WORK INSTRUCTIONS: Without its pictures, the listing below is to be transcribed exactly.

RECORDS SUPPLIED:
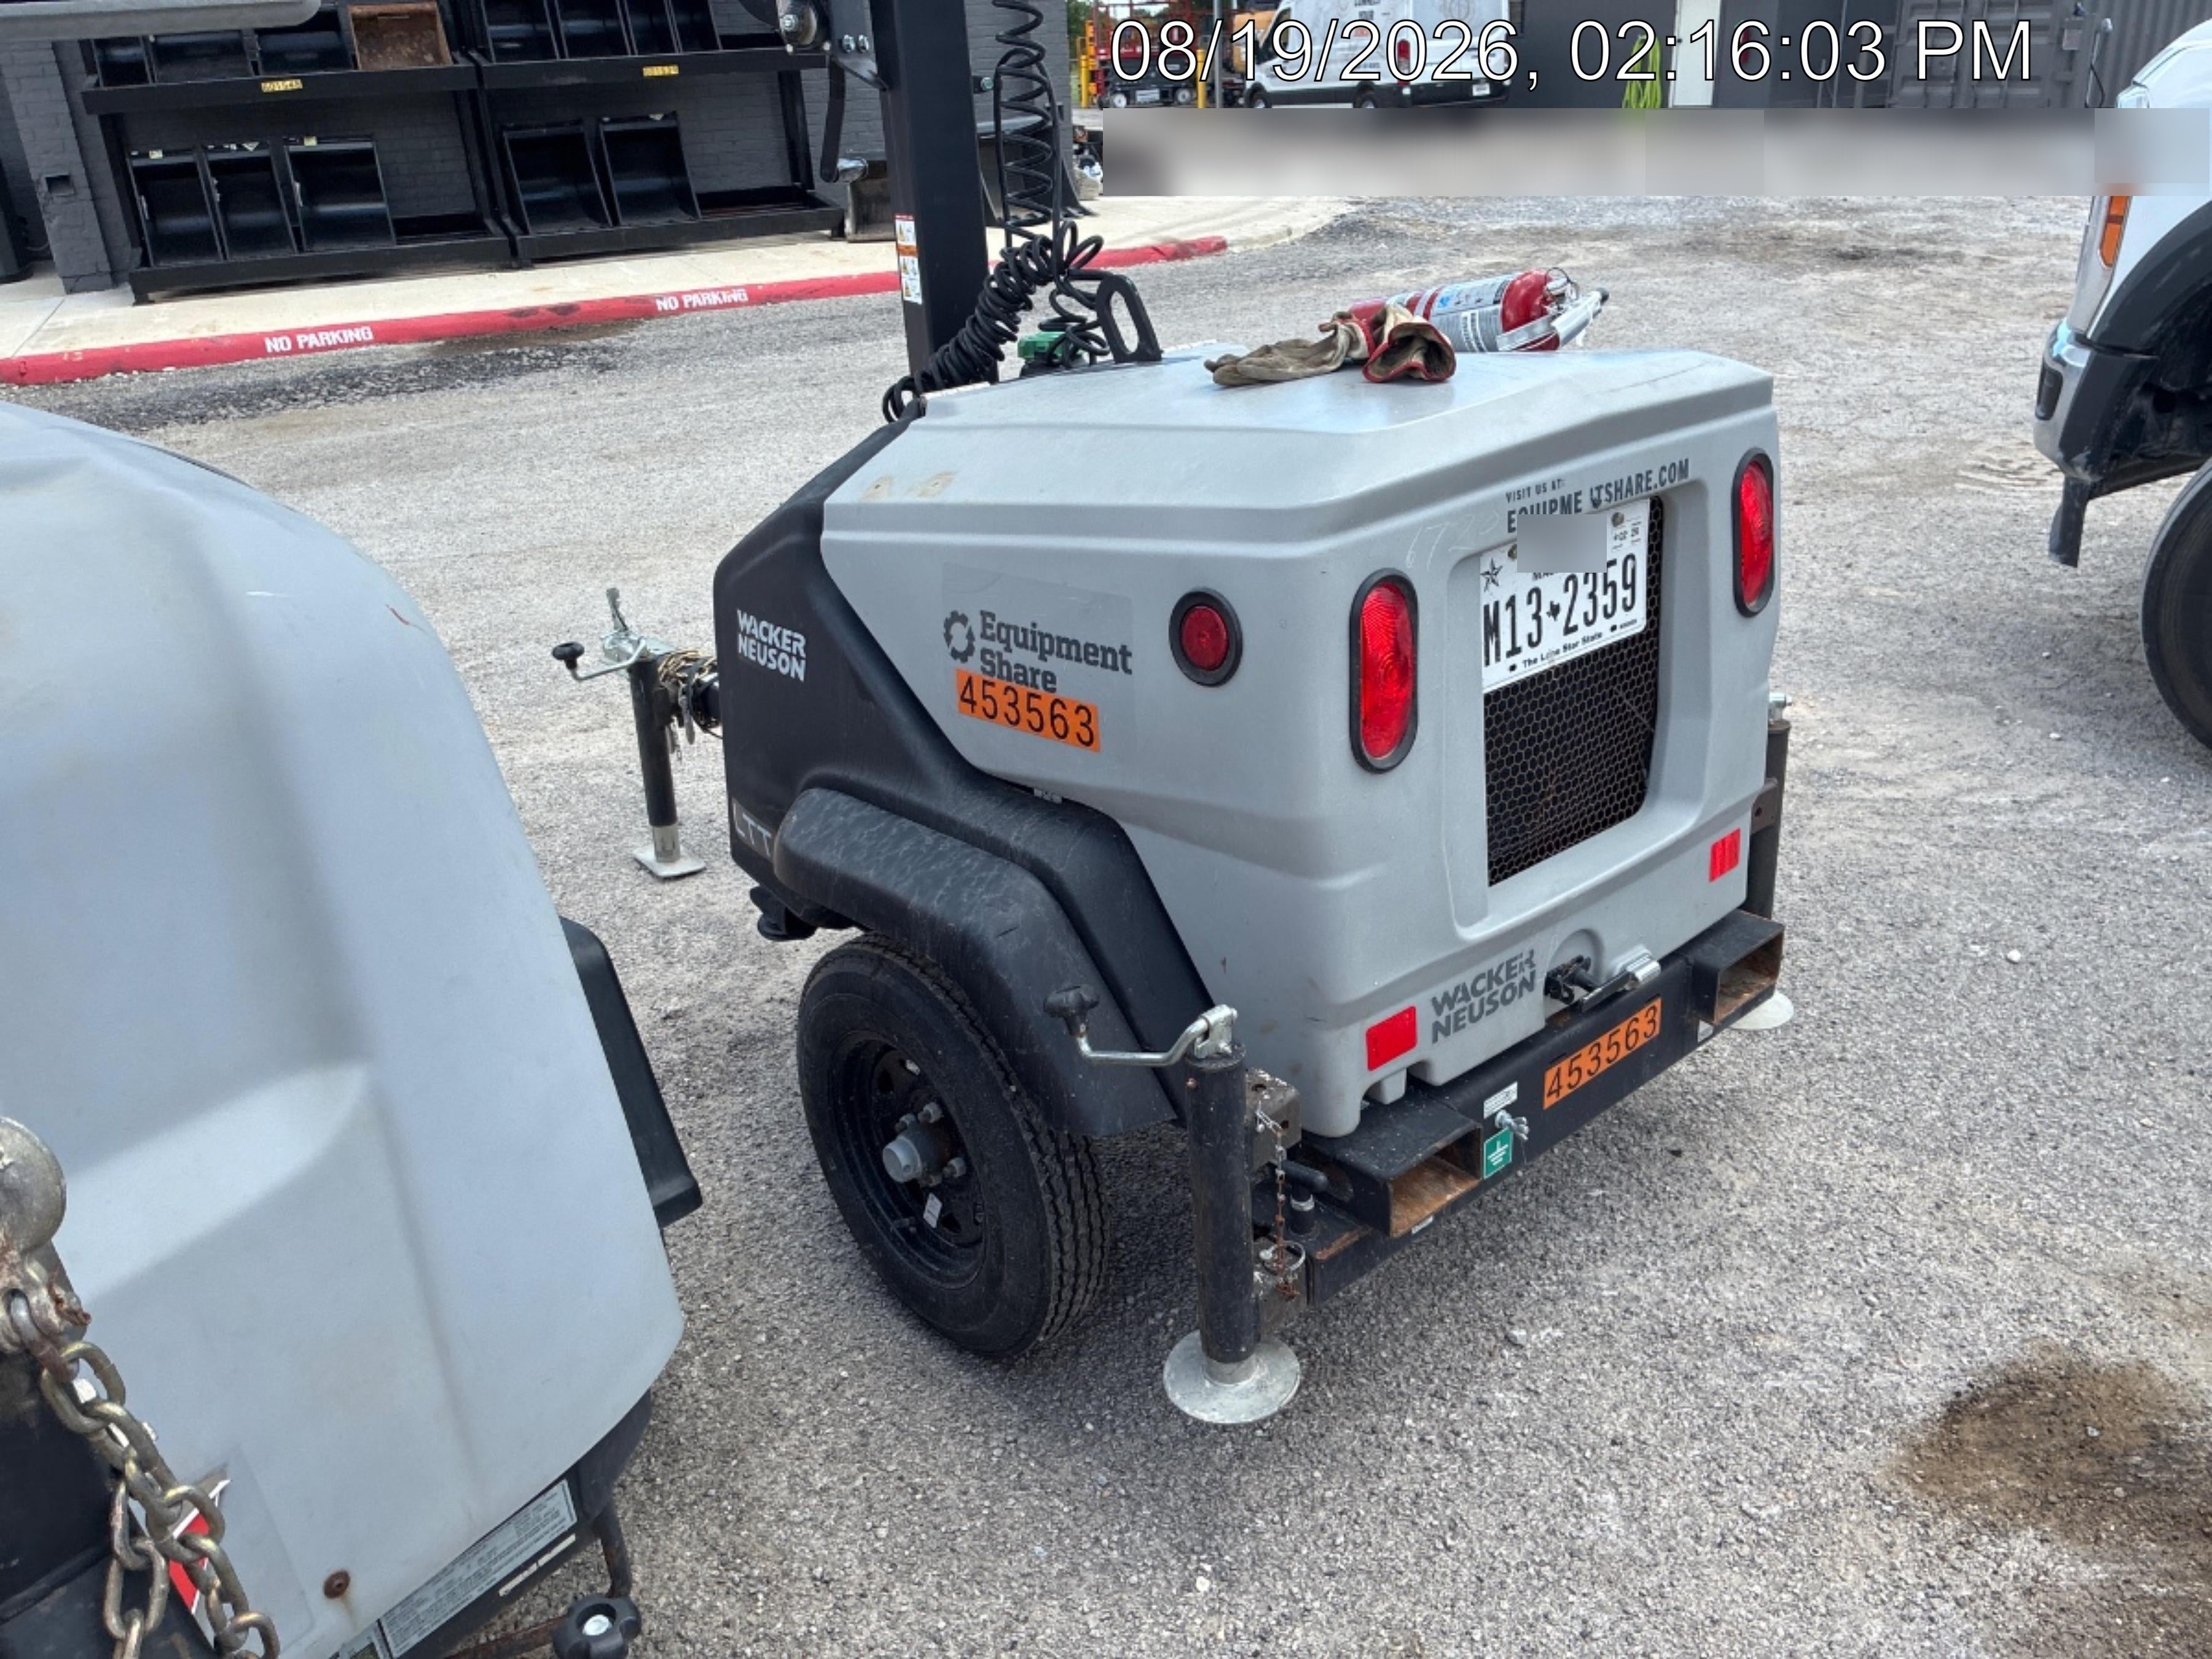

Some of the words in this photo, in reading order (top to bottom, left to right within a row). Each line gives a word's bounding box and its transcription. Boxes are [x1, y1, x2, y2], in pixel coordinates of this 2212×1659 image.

[656, 296, 679, 312] NO
[682, 289, 749, 308] PARKING
[265, 336, 292, 353] NO
[296, 326, 374, 349] PARKING
[1506, 486, 1531, 503] VISIT
[1535, 482, 1547, 495] US
[737, 608, 806, 658] WACKER
[738, 633, 806, 682] NEUSON
[980, 610, 1133, 675] Equipment
[1522, 657, 1538, 669] The
[1563, 641, 1580, 653] Star
[1582, 632, 1603, 643] State
[980, 647, 1057, 693] Share
[960, 674, 1095, 748] 453563
[1432, 949, 1536, 1017] WACKER
[1432, 969, 1536, 1044] NEUSON
[1547, 1005, 1657, 1099] 453563

OUTPUT FOR THIS EXERCISE:
Some of the words in this photo, in reading order (top to bottom, left to right within a row). Each line gives a word's bounding box and its transcription. Boxes are [x1, y1, x2, y2], in pixel coordinates of this 2212×1659 image.

[656, 296, 679, 312] NO
[682, 289, 749, 308] PARKING
[265, 336, 292, 353] NO
[296, 326, 374, 349] PARKING
[1506, 486, 1531, 503] VISIT
[1535, 482, 1547, 495] US
[737, 608, 806, 658] WACKER
[738, 633, 806, 682] NEUSON
[980, 610, 1133, 675] Equipment
[1522, 657, 1538, 669] The
[1563, 641, 1580, 653] Star
[1582, 632, 1603, 643] State
[980, 647, 1057, 693] Share
[960, 674, 1095, 748] 453563
[1432, 949, 1536, 1017] WACKER
[1432, 969, 1536, 1044] NEUSON
[1547, 1005, 1657, 1099] 453563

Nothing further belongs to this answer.